By Coach Adolfo Salgueiro
If you are a professional athlete or are trying to qualify for the Olympics, feel free to skip this post. If you are still with me, maybe running is your passion, your escape, your health/therapy plan, and/or your social club. And even if some of us would love running to be a more prominent part of our lives, the activity that pays our bills and allows us to afford it must (and should) take priority.

This is why we tend to overlook certain aspects of our daily life that, by now, should have become ingrained habits. Such failures keep some of us in a stale or unproductive state, which eventually may develop into frustration.
Behavior becomes a habit through repetition. When we perform the same action repeatedly in response to a specific cue, our brain gradually automates the behavior, requiring less conscious effort each time. According to a 2010 study published by University College London, the average time for a behavior to become a habit is 66 days.

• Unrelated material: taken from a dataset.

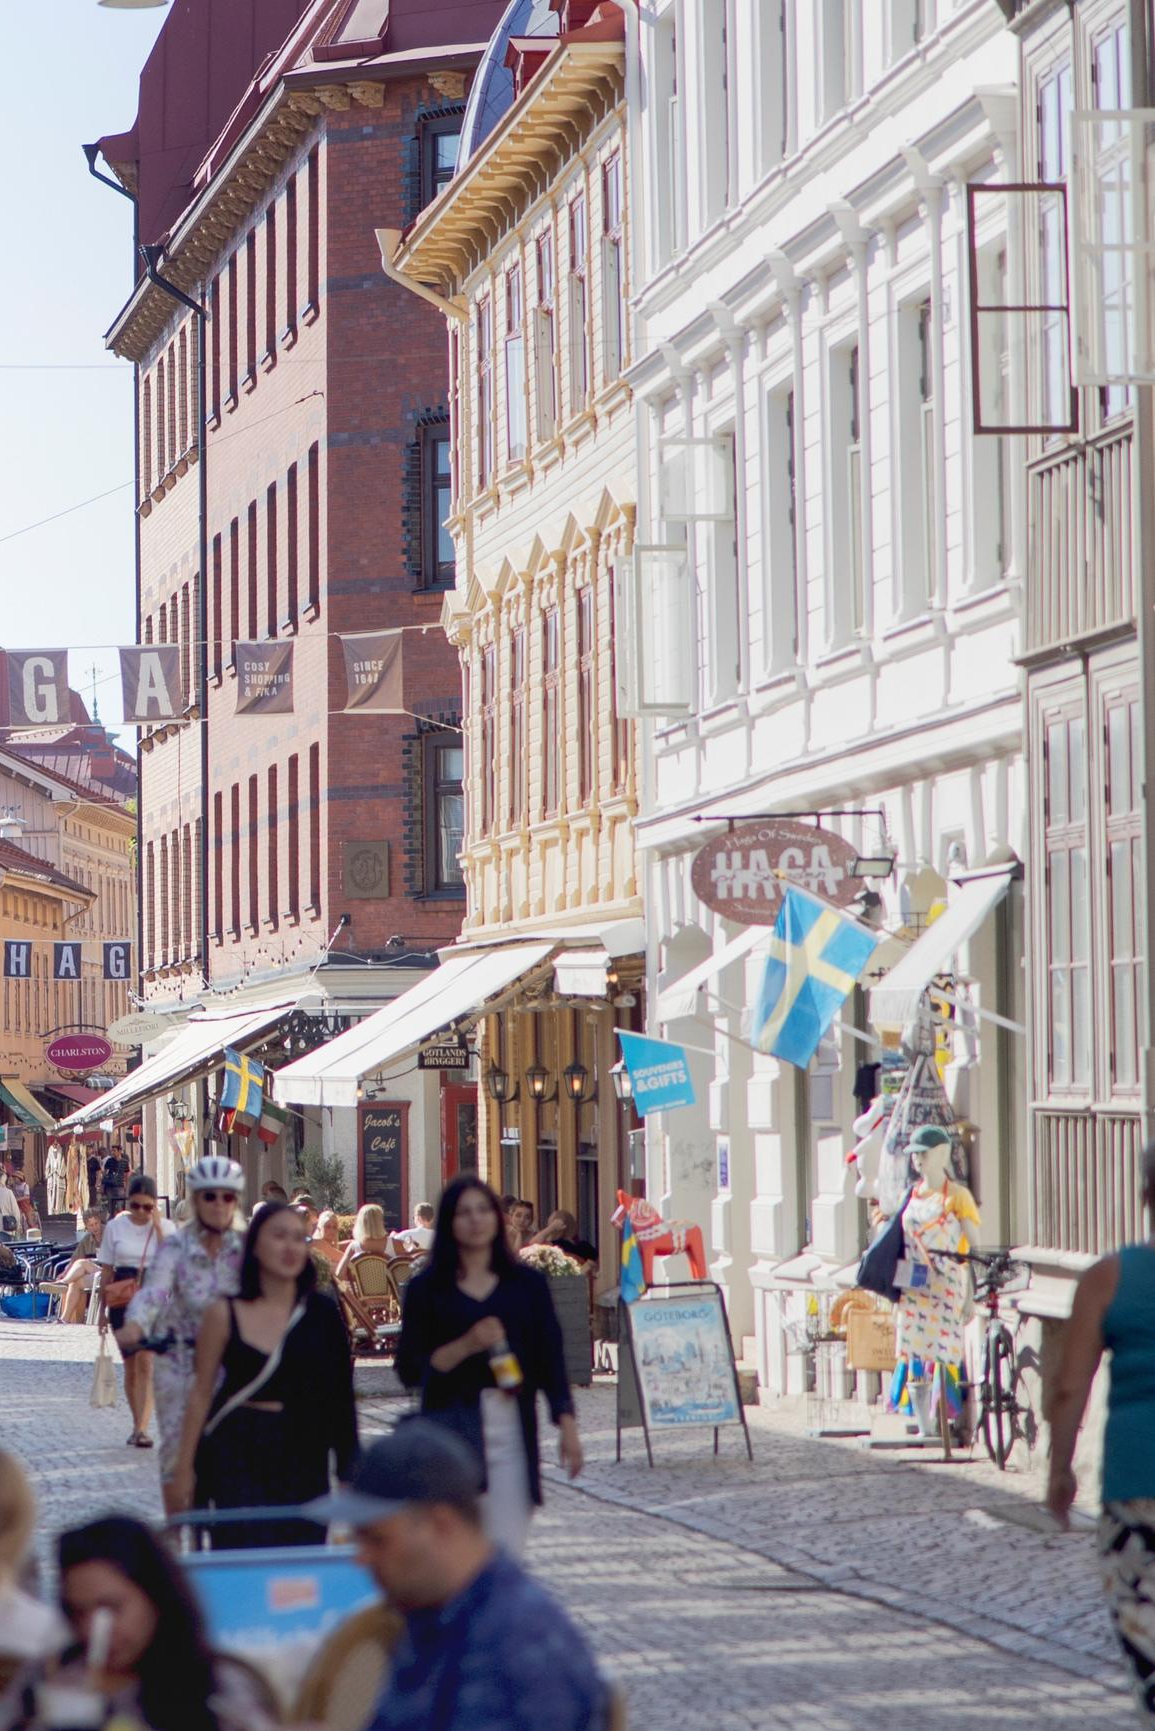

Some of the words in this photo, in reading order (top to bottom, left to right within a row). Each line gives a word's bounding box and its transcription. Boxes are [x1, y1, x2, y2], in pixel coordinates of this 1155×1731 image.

So, it will take some work, but once it is ingrained, you are on your way to becoming a better runner.
Here are 5 conducts that should become habits for every runner:
► Preparation Before Every Workout – Just like in every aspect of life, preparedness is the key to success. Just as having water and a dry shirt after your run is essential, knowing what you want to accomplish before every workout is a key to success. The time to learn what you are doing today, or to realize you have not eaten in the last 12 hours, is not when your watch searches for a satellite. Every workout has a purpose, and understanding what that is will give you a better chance of realizing that gain. Preparation encompasses the mental and physical aspects of your running.
► Focus on Improvement, not Just Results – In the instant gratification age of Strava and Instagram, many runners tend to focus on what they did today, forgetting that running is a long game. Try this experiment: Don’t post a run. Or two. And count how many of your online friends text you asking if you are OK. Then realize how trivial this is within the context of your daily life and refocus your energy on achieving your real goals. Revolutionary thought. I know!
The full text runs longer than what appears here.